E) La circulation de l’information, un enjeu primordial

II) Accueillir : élaborer la réception d’un ambassadeur ottoman au XVIII e siècle

L’élaboration d’un plan pour réceptionner et loger une délégation requiert une logistique spécifique et produite avec tous les soins possibles. Pour ce faire, il n’est pas question de préserver les finances de la ville dans un tel contexte, bien au contraire, il s’agit de mobiliser tous les moyens et de mettre en œuvre les dispositifs adéquats dans ce but.
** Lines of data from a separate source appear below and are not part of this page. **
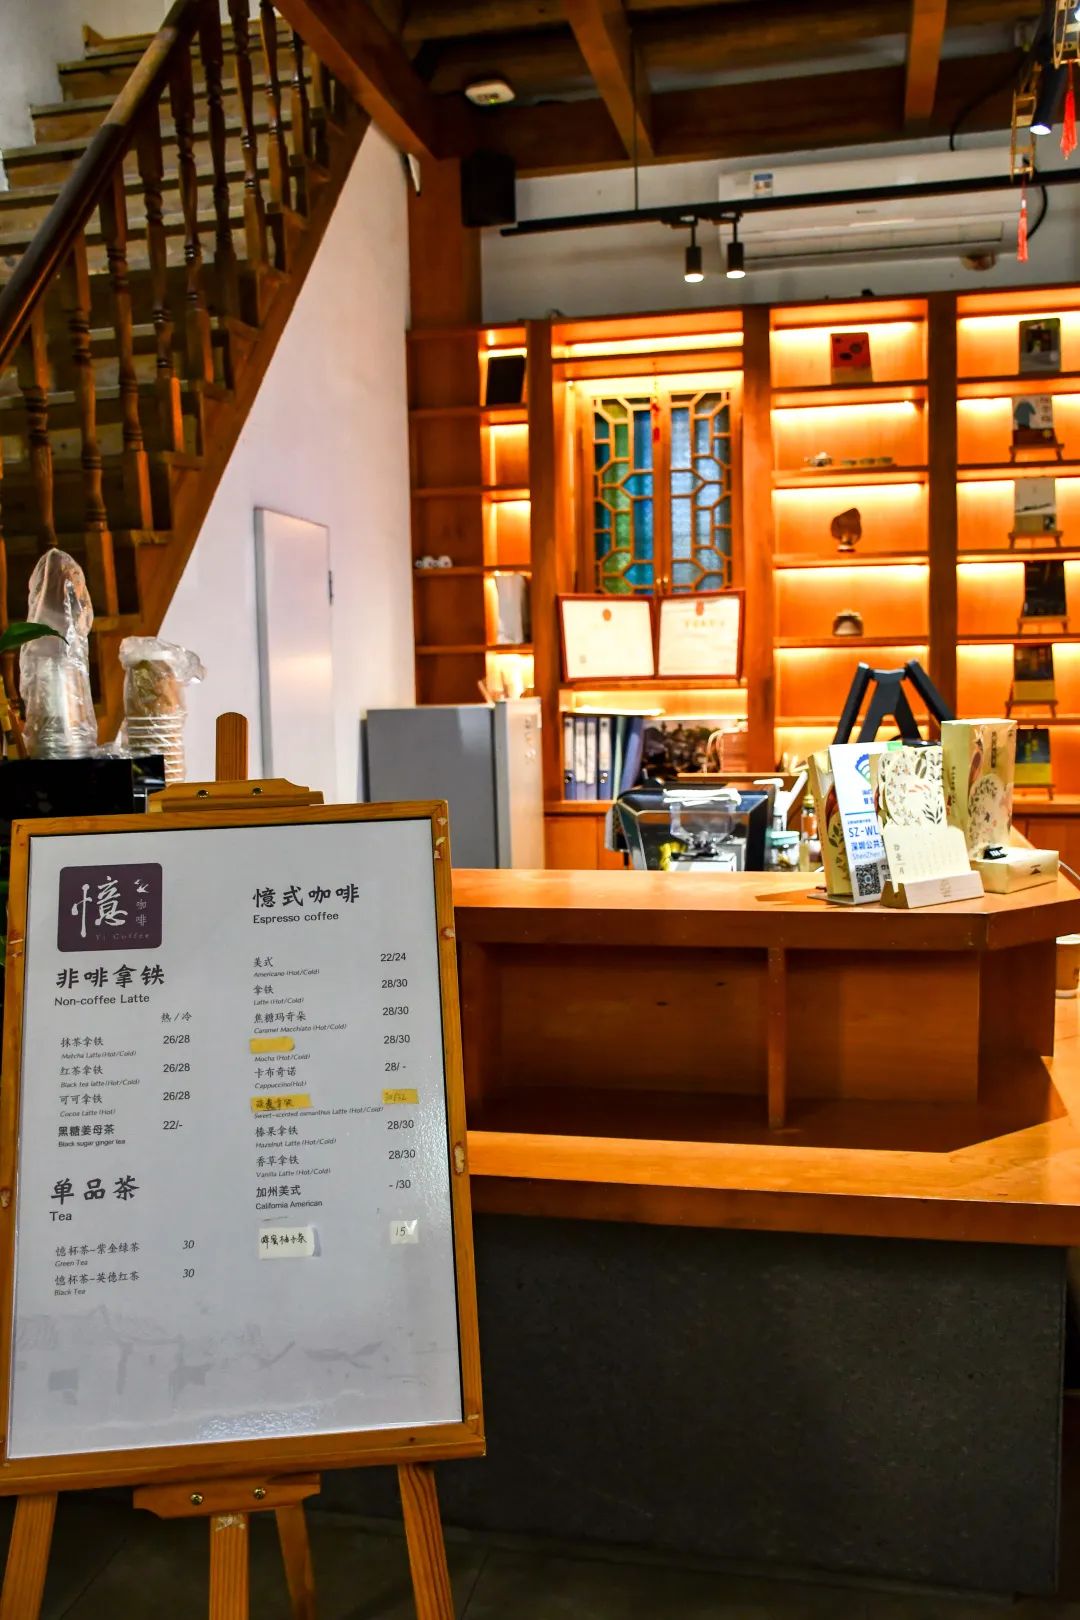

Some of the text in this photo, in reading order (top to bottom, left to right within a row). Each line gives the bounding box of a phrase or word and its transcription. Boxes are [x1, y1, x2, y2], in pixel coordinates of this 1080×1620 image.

[252, 884, 360, 908] 憶式咖啡
[71, 876, 129, 938] 憶
[136, 899, 147, 926] 咖啡
[253, 912, 339, 925] Espresso coffee
[253, 956, 274, 968] 美式
[380, 952, 406, 962] 22/24
[56, 964, 165, 989] 非啡拿铁
[253, 970, 285, 978] Americano
[381, 978, 408, 988] 28/30
[253, 984, 274, 996] 拿铁
[54, 994, 150, 1006] Non-coffee Latte
[382, 1006, 409, 1016] 28/30
[254, 1011, 306, 1024] 焦糖玛奇朵
[280, 1025, 312, 1033] Macchiato
[60, 1036, 104, 1048] 抹茶拿铁
[163, 1035, 190, 1044] 26/28
[383, 1034, 410, 1044] 28/30
[60, 1064, 104, 1076] 红茶拿铁
[163, 1063, 191, 1072] 26/28
[254, 1066, 297, 1078] 卡布奇诺
[60, 1094, 103, 1106] 可可拿铁
[163, 1091, 191, 1100] 26/28
[60, 1110, 80, 1118] Cocoa
[162, 1120, 183, 1130] 22/-
[387, 1120, 414, 1130] 28/30
[58, 1124, 115, 1137] 黑糖姜母茶
[255, 1126, 298, 1138] 榛果拿铁
[58, 1140, 75, 1148] Black
[76, 1140, 94, 1148] sugar
[96, 1139, 114, 1148] ginger
[388, 1150, 416, 1160] 28/30
[256, 1154, 300, 1167] 香草拿铁
[256, 1170, 277, 1178] Vanilla
[50, 1174, 140, 1206] 单品茶
[256, 1184, 302, 1198] 加州美式
[256, 1200, 322, 1210] California American
[49, 1211, 72, 1222] Tea
[395, 1226, 406, 1237] 15
[182, 1240, 195, 1250] 30
[54, 1260, 74, 1268] Green
[182, 1268, 195, 1278] 30
[74, 1288, 86, 1296] Tea
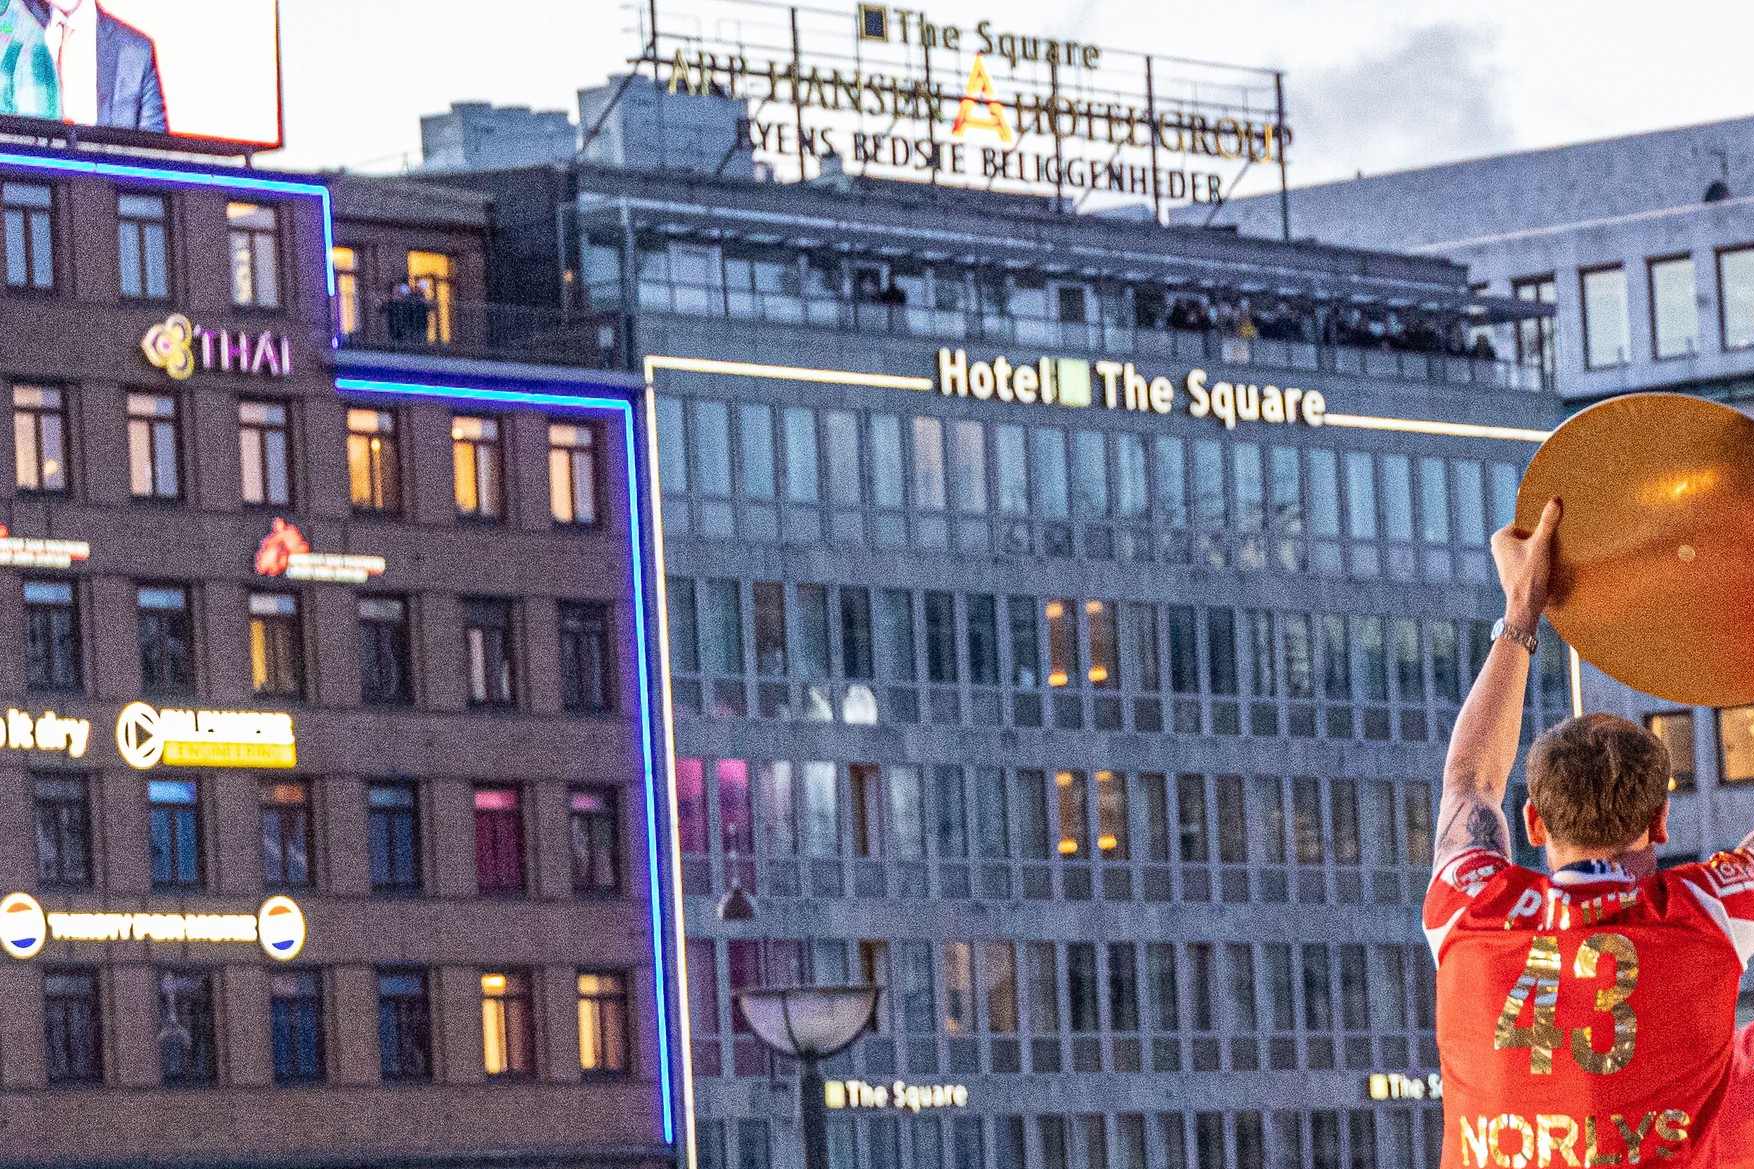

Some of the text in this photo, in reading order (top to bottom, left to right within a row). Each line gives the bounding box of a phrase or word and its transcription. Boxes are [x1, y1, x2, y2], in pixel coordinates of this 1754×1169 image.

[893, 9, 1101, 70] The Square
[1014, 92, 1150, 150] HOTEL
[854, 131, 966, 173] BEDSTE
[981, 148, 1224, 204] BELIGGENHEDER
[194, 325, 292, 376] THAI
[939, 346, 1327, 431] Hotel The Square
[1494, 933, 1639, 1076] 43
[845, 1079, 969, 1113] The Square
[1388, 1073, 1425, 1100] The
[1460, 1108, 1692, 1169] NORLYS
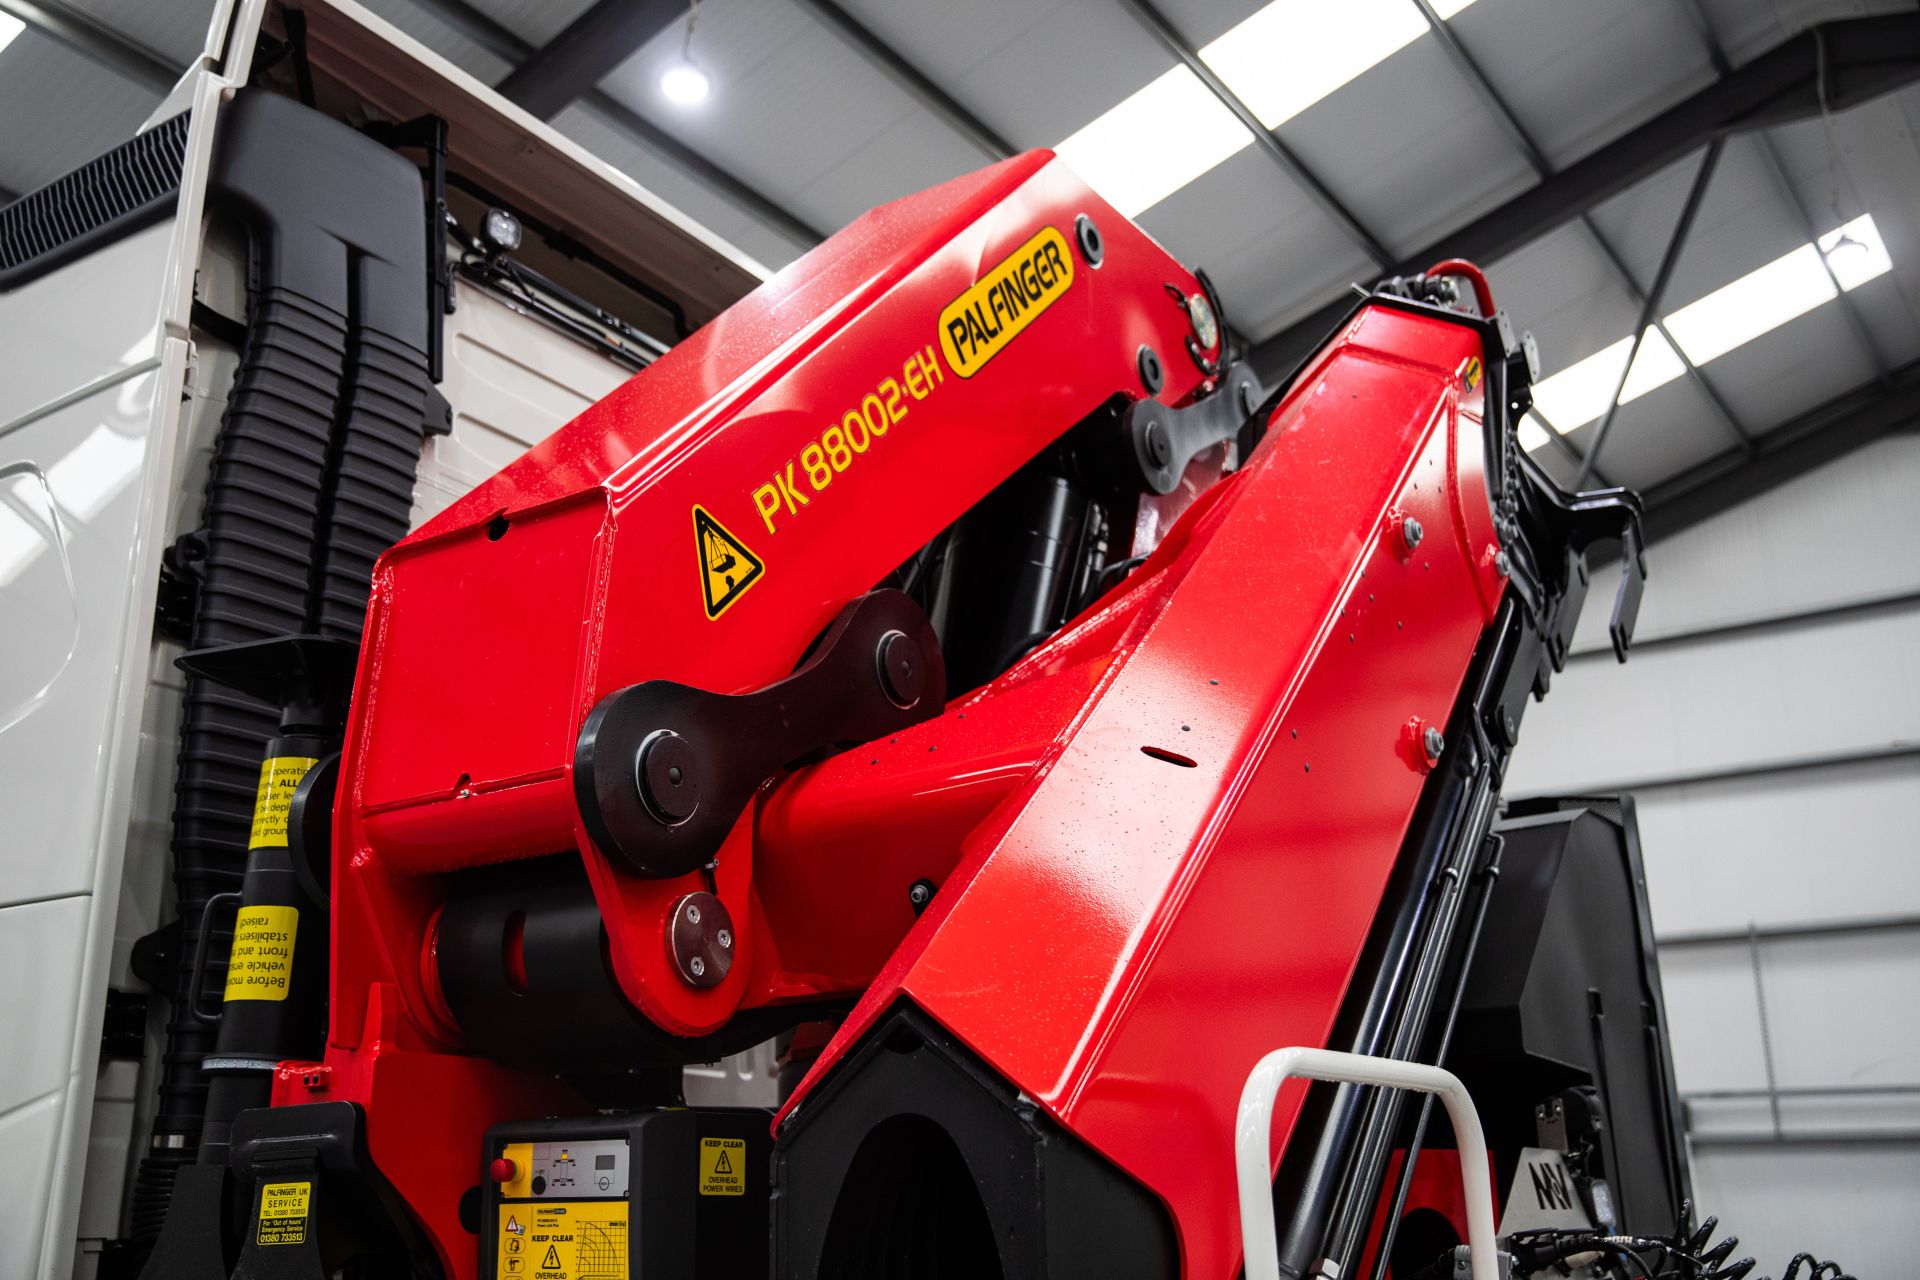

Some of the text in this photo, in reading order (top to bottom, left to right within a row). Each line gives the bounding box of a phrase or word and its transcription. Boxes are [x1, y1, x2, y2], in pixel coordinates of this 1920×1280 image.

[946, 239, 1068, 366] PALFINGER
[751, 461, 810, 536] PK
[272, 766, 309, 776] operatin
[279, 779, 299, 787] ALL
[270, 802, 290, 813] depl
[239, 932, 288, 943] stabilisers
[238, 946, 254, 958] and
[258, 946, 288, 959] front
[247, 961, 285, 972] vehicle
[246, 976, 285, 988] Before
[708, 1176, 738, 1184] OVERHEAD
[266, 1188, 297, 1197] PALFINGER
[703, 1184, 743, 1193] POWER WIRES
[268, 1198, 303, 1208] SERVICE
[260, 1232, 303, 1243] 01380 733513
[531, 1234, 574, 1242] KEEP CLEAR
[534, 1272, 568, 1280] OVERHEAD
Le premier enjeu est de garantir à la délégation le meilleur confort possible. Mais avant tout, il importe de satisfaire pleinement l’ambassadeur lui-même. Il s’agit de produire un espace à peu près similaire au cadre de vie de l’invité, l’accommodant selon les us et coutumes de son pays d’origine. Ainsi, l’apprêt d’un logis meublé selon un style et des caractéristiques typiquement traditionnelles du pays de l’envoyé a pour but d’indiquer un certain respect vis-à- vis de l’invité qui est « comme chez lui », mais aussi la prise en compte de son mode de vie au travers de recherches et de questionnements sur sa culture. Se pencher sur les modes de vie témoigne d’une démarche pensée et réfléchie, d’une interrogation sur autrui.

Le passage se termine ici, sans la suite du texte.